Num instante estou aqui e no seguinte, viajo a vielas pelas quais nunca andei e sigo a dançar, pular e agitar a saia de um vestido que, nesta vida, nunca usei. Sou agora dançarina, camponesa, e ando a sorrir pelas ruas.

Bailo mais leve do que meus pés permitem, mas na imaginação eles não conhecem limites.

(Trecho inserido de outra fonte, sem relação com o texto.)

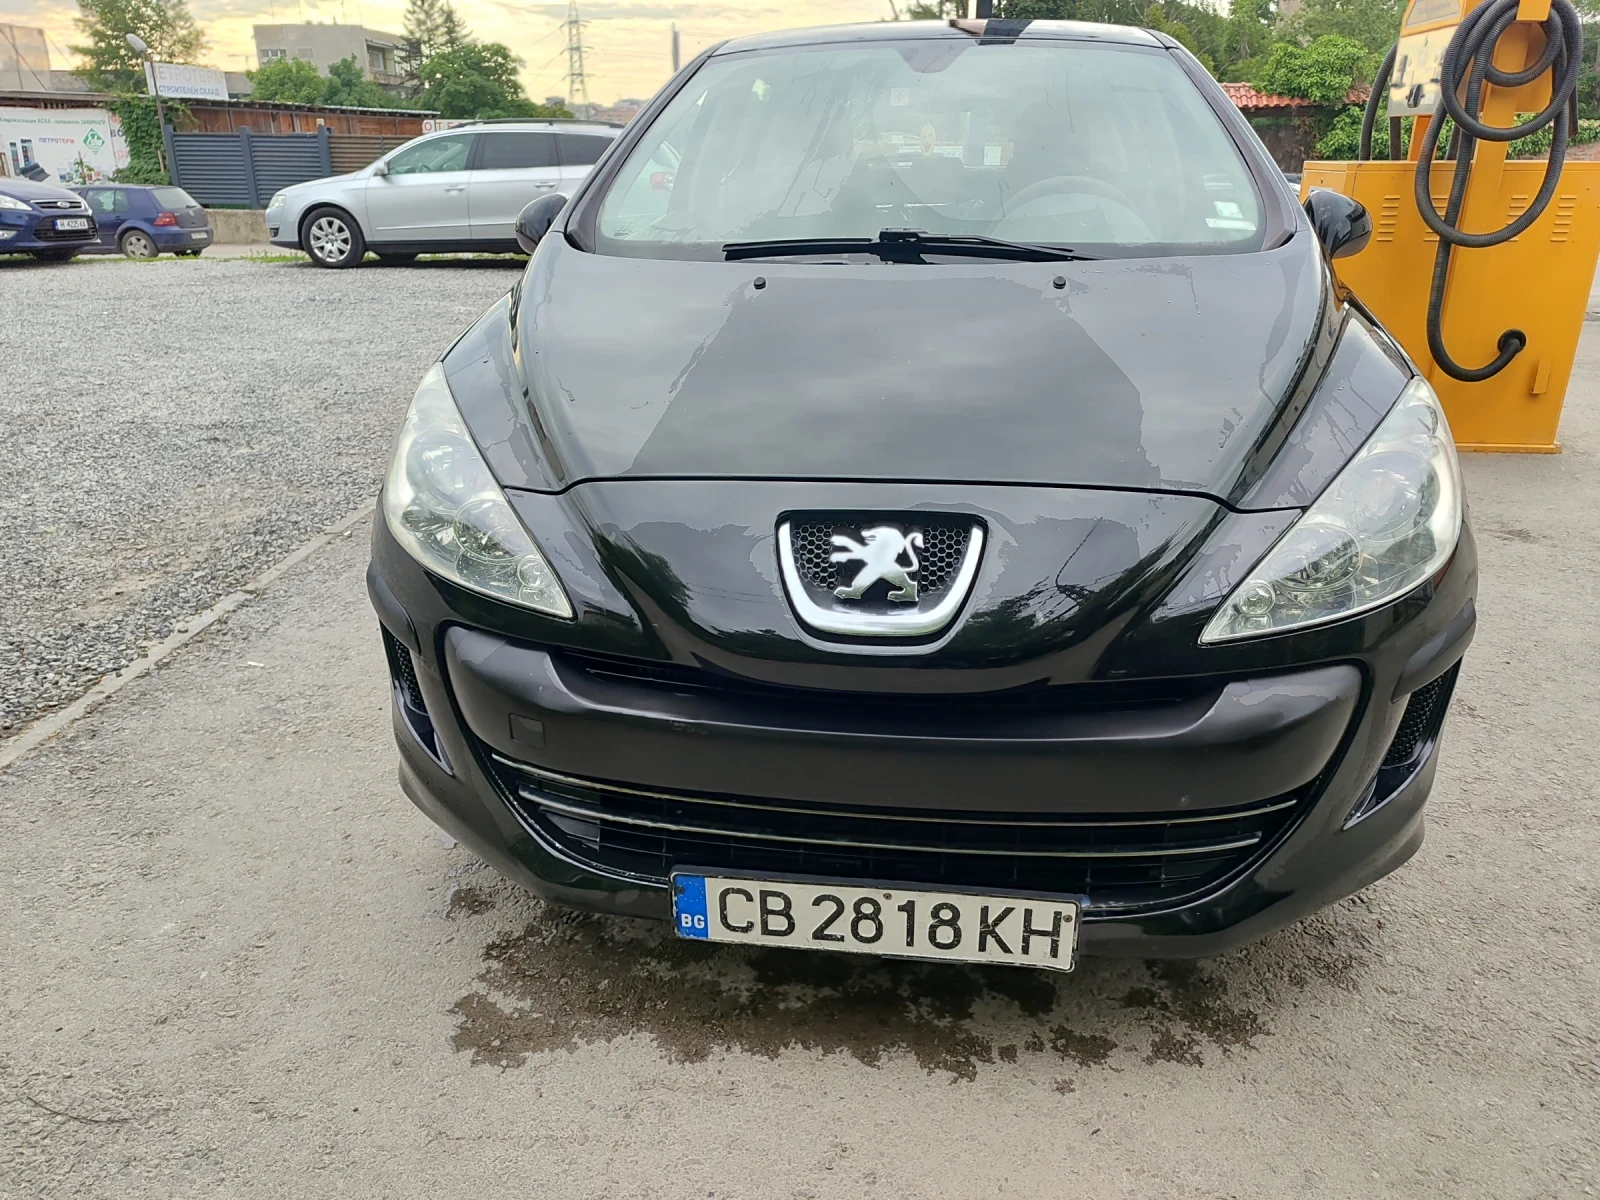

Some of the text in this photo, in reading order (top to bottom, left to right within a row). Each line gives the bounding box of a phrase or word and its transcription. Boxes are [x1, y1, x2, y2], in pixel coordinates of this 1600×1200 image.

Ali permaneço por três ou quatro minutos, e adentro agora um salão luxuosamente decorado. Meu traje não é mais o mesmo, sou pianista que dedilha suavemente, com gestos hábeis e dedos finos que correm pelo instrumento seguros e dispersos como quem dança a mesma música pela milésima vez. A luz do sol se filtra através das árvores para então penetrar a enorme janela envidraçada a meu lado, e o tempo parece parar.

Vou e volto à viela e à vila, a um mercado antigo repleto de frutos cheirosos e pessoas tagarelando ou andando apressadamente, cães que vagueiam, crianças a brincar pelo chão.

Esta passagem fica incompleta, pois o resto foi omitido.